Content reviewed last January 9, 2023

Is it marketing for a covered entity to describe its products or services to its patients or to describe products or services that are included in the health plan’s plan of benefits?

No. The HIPAA Privacy Rule excludes from the definition of "marketing" communications made to describe a covered entity's health-related product or service (or payment for such product or service) that is provided by, or included in a plan of benefits of, the covered entity making the communication.

Thus, it would not be marketing for a physician who has developed a new anti-snore device to send a flyer to her patience describing it, whether or not each patient has sought treatment for snoring. Nor would it be marketing for an ophthalmologist or health plan to send existing patients or members discounts for eye-exams or glasses available only to the patients and members. Similarly, it would not be marketing for an insurance plan to send its members a description of covered benefits, payment schedules, and claims procedures.

Date Created: 12.20.02

Content reviewed last January 9, 2023

How can I distinguish between activities for treatment or health care operations versus marketing activities?

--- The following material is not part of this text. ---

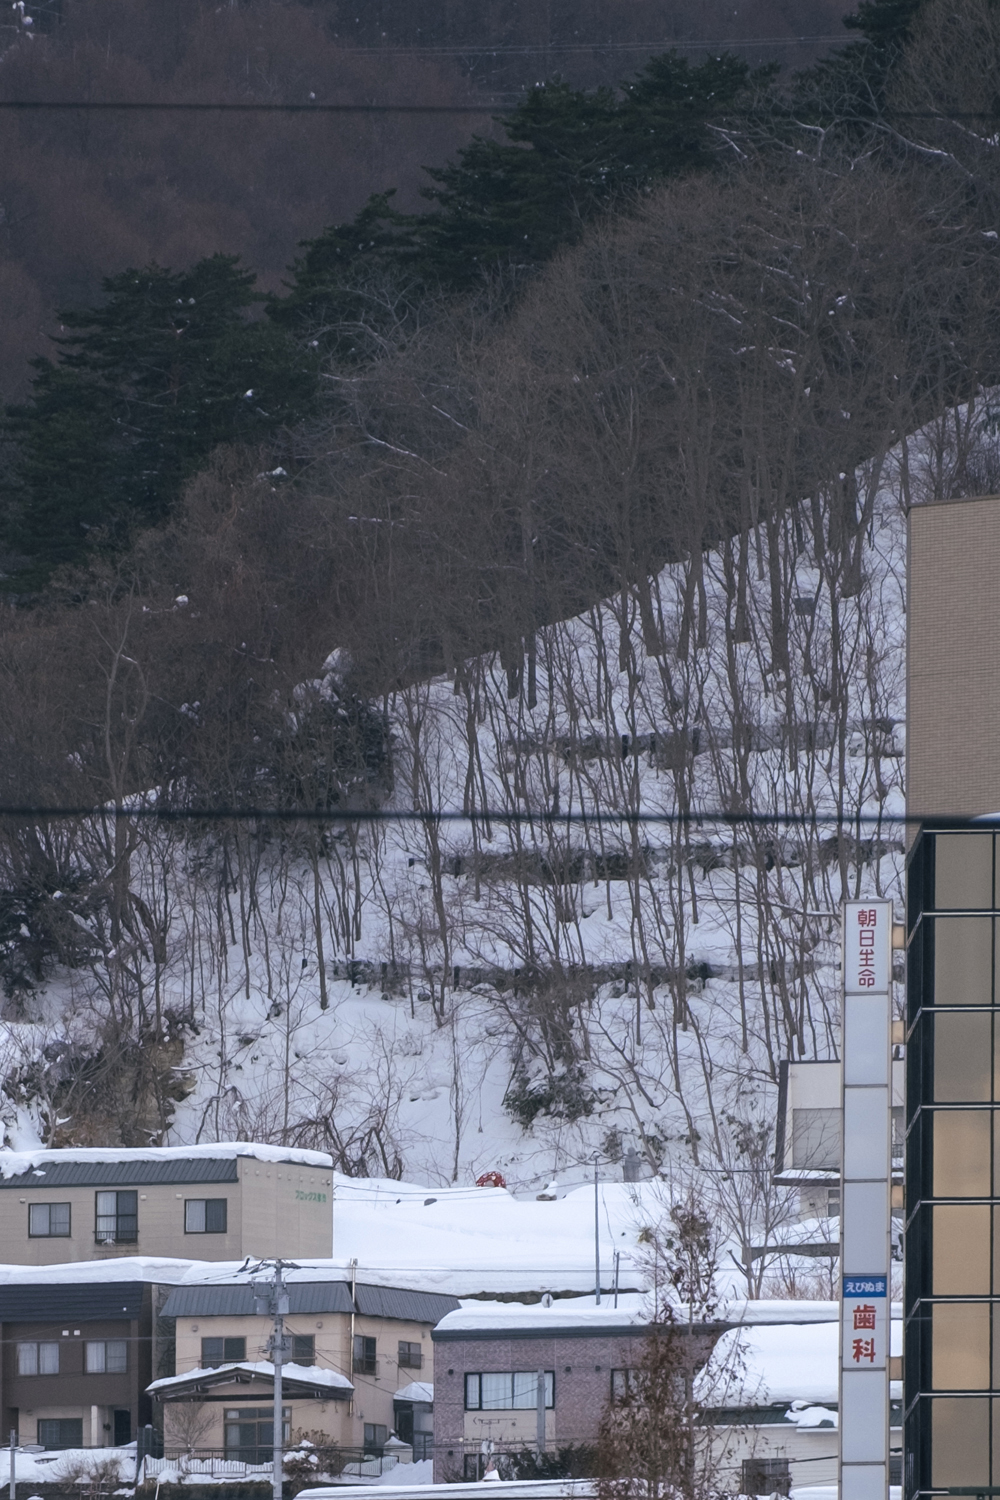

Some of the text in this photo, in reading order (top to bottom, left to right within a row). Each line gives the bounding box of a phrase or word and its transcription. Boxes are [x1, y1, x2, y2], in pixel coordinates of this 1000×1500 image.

The overlap among common usages of the terms "treatment," "health care operations," and "marketing" is unavoidable. For instance, in recommending treatments, providers and health plans sometimes advise patients to purchase goods and services. Similarly, when a health plan explains to its members the benefits it provides, it too is encouraging the use or purchase of goods and services.

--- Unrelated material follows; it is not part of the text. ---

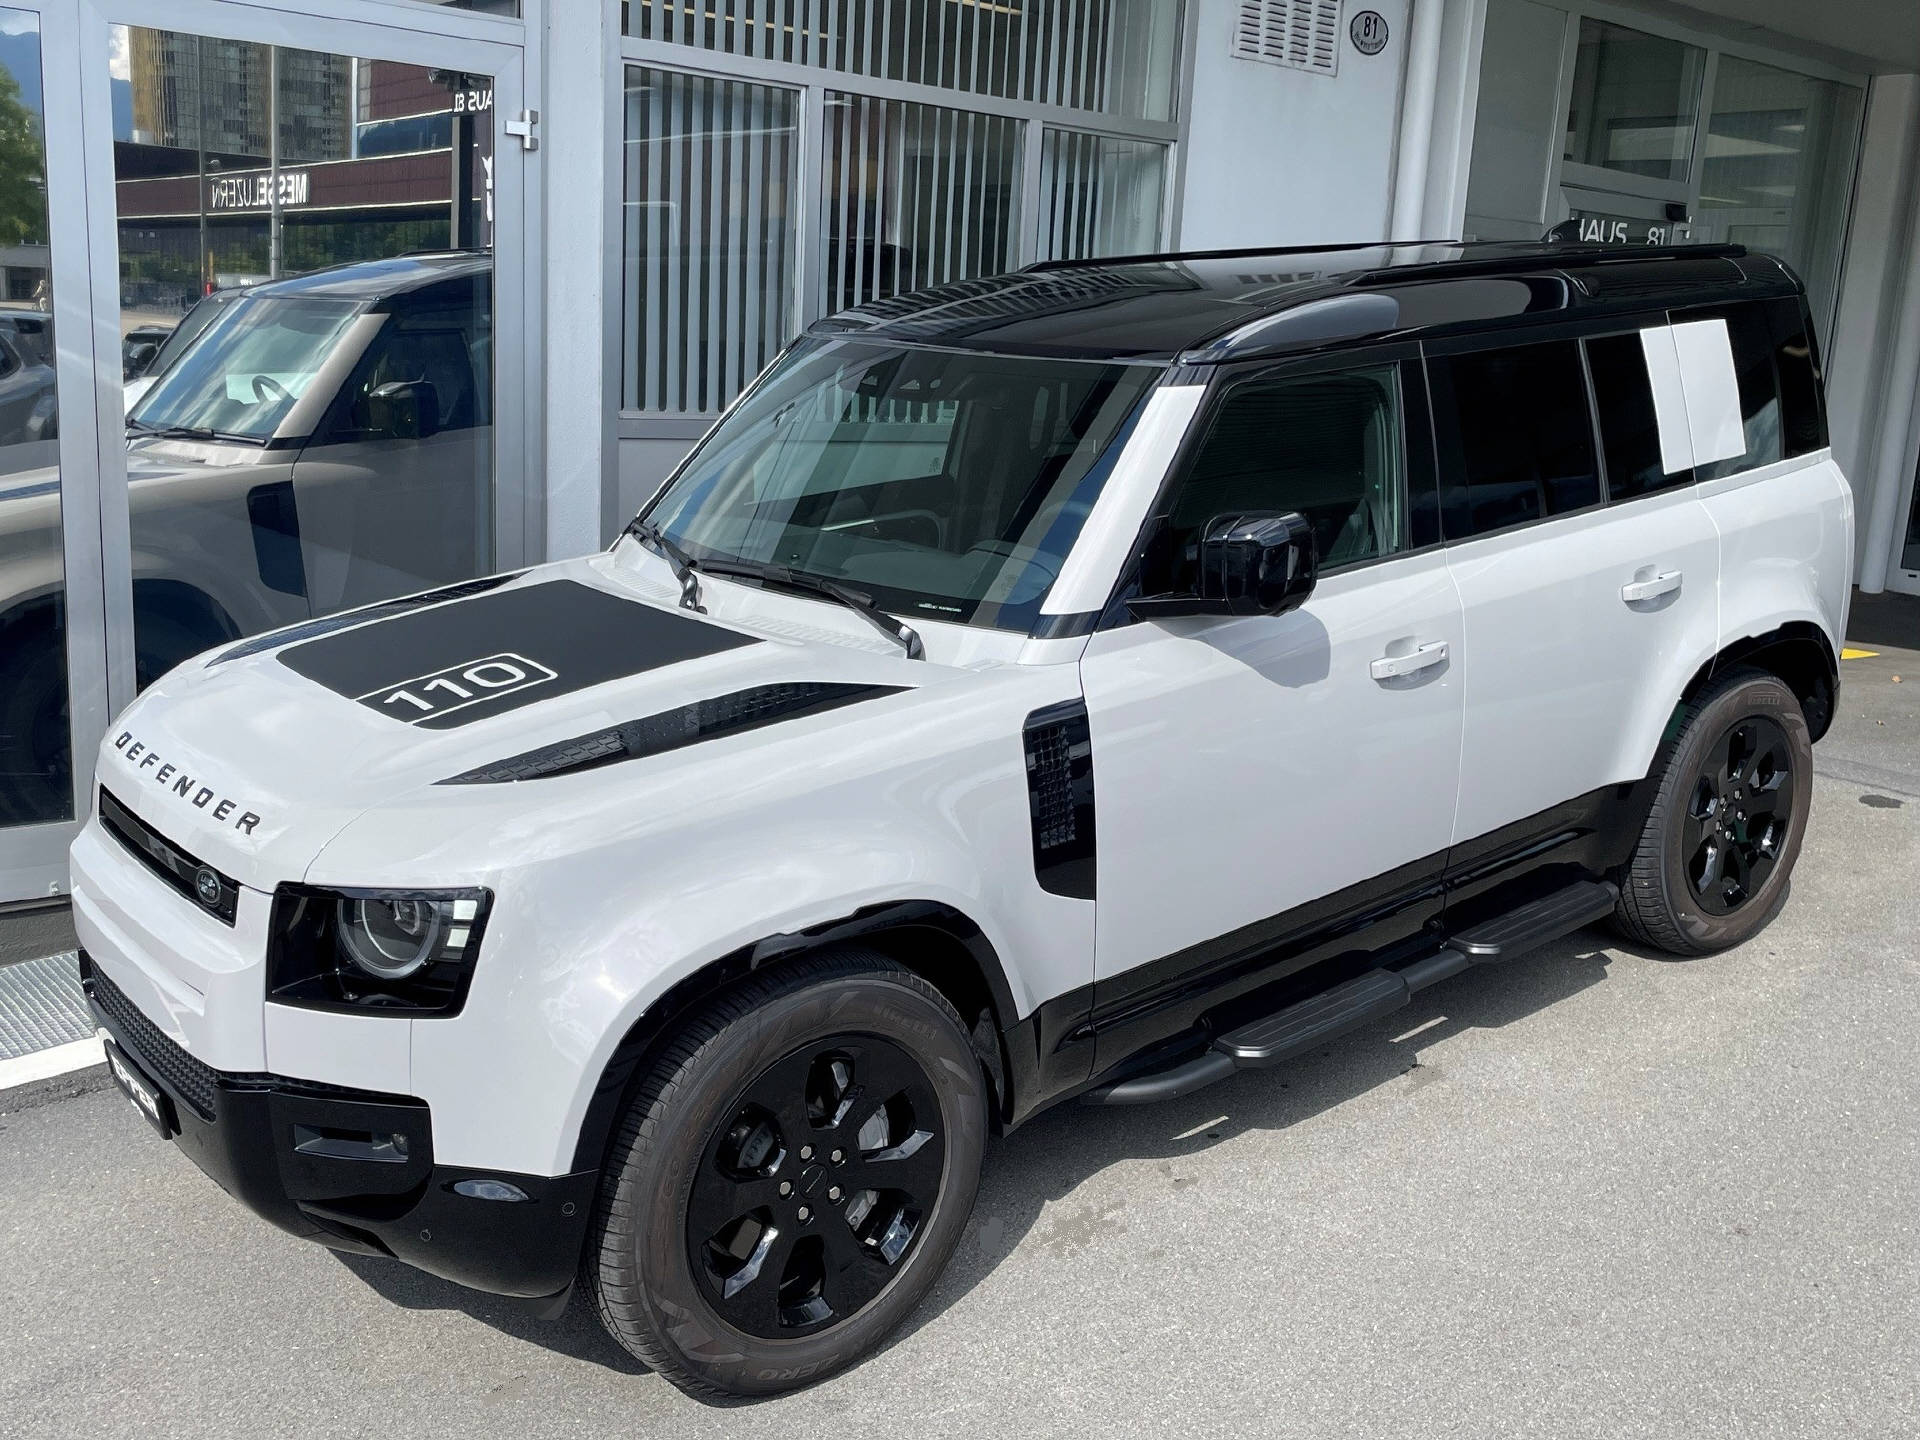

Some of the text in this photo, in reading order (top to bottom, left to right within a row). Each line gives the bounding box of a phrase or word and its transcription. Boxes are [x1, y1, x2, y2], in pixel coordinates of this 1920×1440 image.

The HIPAA Privacy Rule defines these terms specifically, so they can be distinguished. For example, the Privacy Rule excludes treatment communications and certain health care operations activities from the definition of "marketing." If a communication falls under one of the definition's exceptions, the marketing rules do not apply. In these cases, covered entities may engage in the activity without first obtaining an authorization.

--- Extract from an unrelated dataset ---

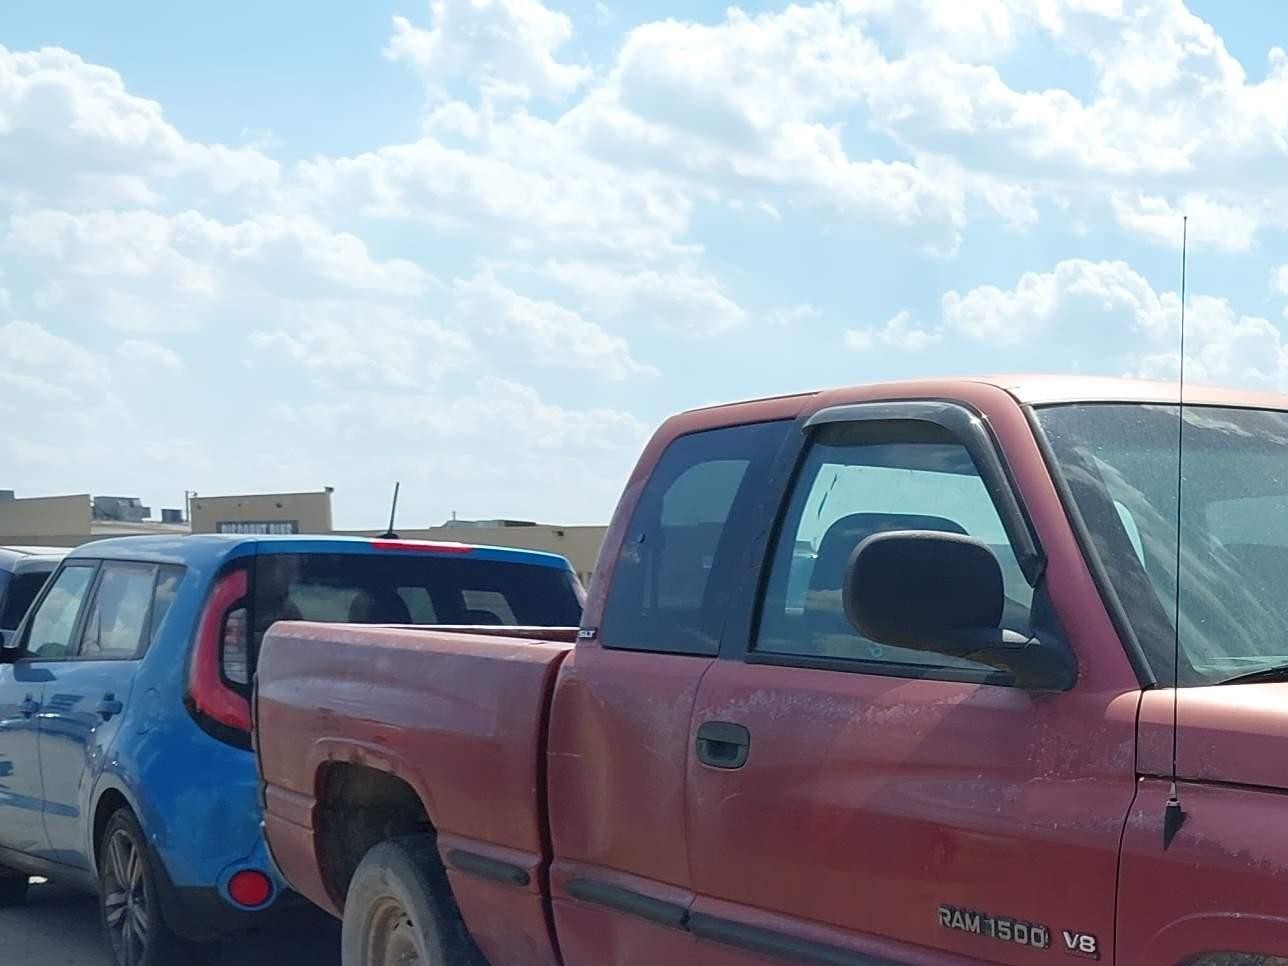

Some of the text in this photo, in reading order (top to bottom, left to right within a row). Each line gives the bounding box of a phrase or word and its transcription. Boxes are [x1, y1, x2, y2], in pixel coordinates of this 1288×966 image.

[938, 905, 1047, 949] RAM 1500
[1063, 930, 1097, 953] V8

However, if a health care operation communication does not fall within one of these definition exceptions, but does  fall under the definition of "marketing," the Privacy Rule's provisions restricting the use or disclosure of protected health information for marketing purposes will apply. For these marketing communications, the individual's authorization is required before a covered entity may use or disclose protected health information. For more information about Privacy Rules requirements for marketing, please review the fact sheet and additional frequently asked questions on HHS' website.

Created 12.20.02

Content reviewed last January 9, 2023

We recommend that privacy officers be kept informed of their company's proposed marketing efforts, so that regulatory requirements are not unintentionally violated. While counsel and privacy officers should recognize that marketing can be the sustaining life blood of a company, operations professionals must understand the risks and potential penalties for violating HIPAA. Not only can a HIPAA investigation can be costly and time consuming, but it can also significantly impair a company's brand value in your community.